Surely you've experienced the one person on the team who will lecture endlessly on why robertson screw drive are so much better than torx, yadda yadda... or something similar. it's not a question of having a point or not-- they might or might not-- it's the haughty air of superiority, the perspective that countering perspectives don't exist or at least couldn't have any merit, that their pet issue couldn't ever be too irrelevant to worry about.
"System of rules that you can use to bludgeon people with instead of considering and empathizing? Sign me up!"
Maybe before you didn't notice it because more of them agreed with you or because enough of their priggishness was uncorrelated. Like a ferromagnetic material, if the domains are pointed in random directions you get no net field.

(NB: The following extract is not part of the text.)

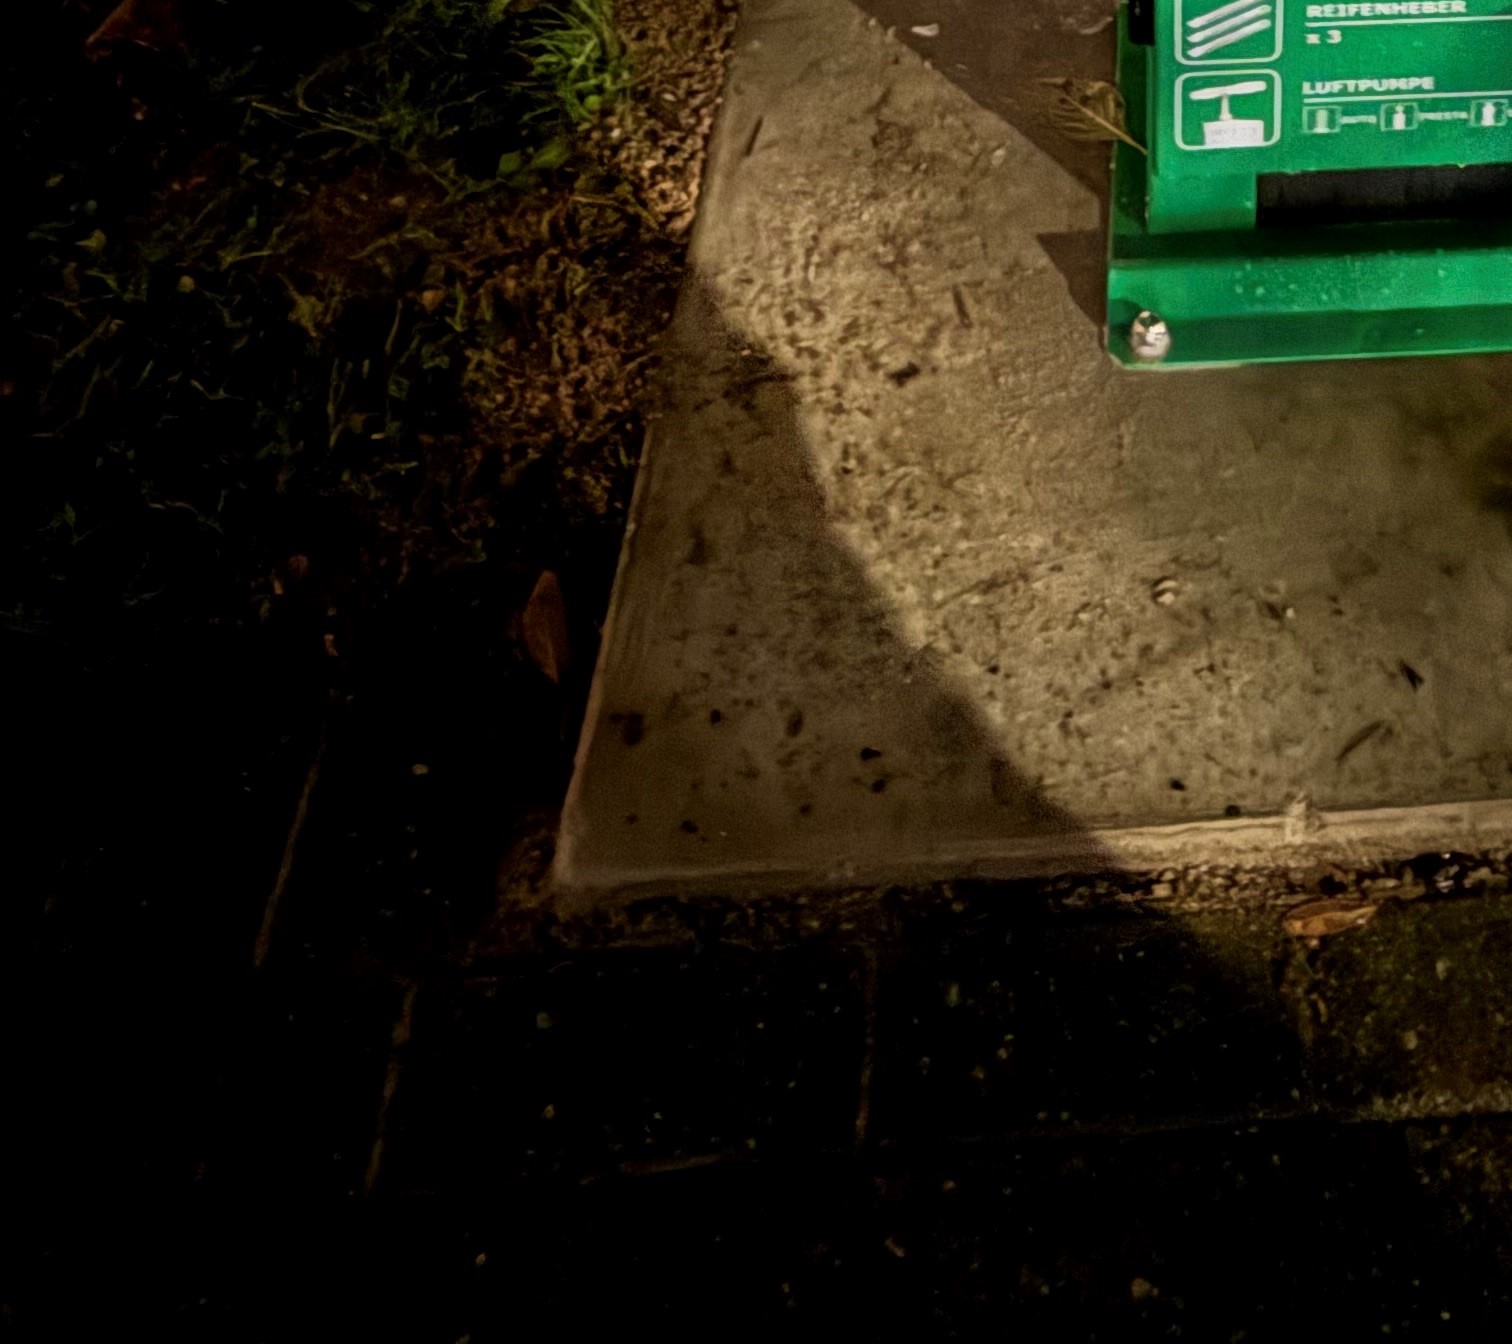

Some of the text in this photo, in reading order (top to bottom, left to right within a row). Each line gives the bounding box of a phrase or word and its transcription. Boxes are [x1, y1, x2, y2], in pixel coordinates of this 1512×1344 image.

It's probably even just an effect of online forums in general. If you are of the view that many ideas are valid and that your preferences aren't so important, you tend to not comment at all.
In any case, if you're bothered by the net-prig-field there is a remark in PG's essay which might provide some advice: The priggishness is amplified when membership can be self selected by ideology rather than geography. If you just mix a diverse collection of people together their prig field will tends to cancel out, views will be normalized, extreme positions suppressed. So seek out venues where the structure of participation doesn't lend itself to polarization, or at least polarization incompatible with yours.
Maybe. I think in this case (woke mind virus) most geeks are cowards at heart, or at best want to avoid conflict, and are easily bullied into something. They end up becoming true believers soon after they come to realize they’re with the popular group for a change.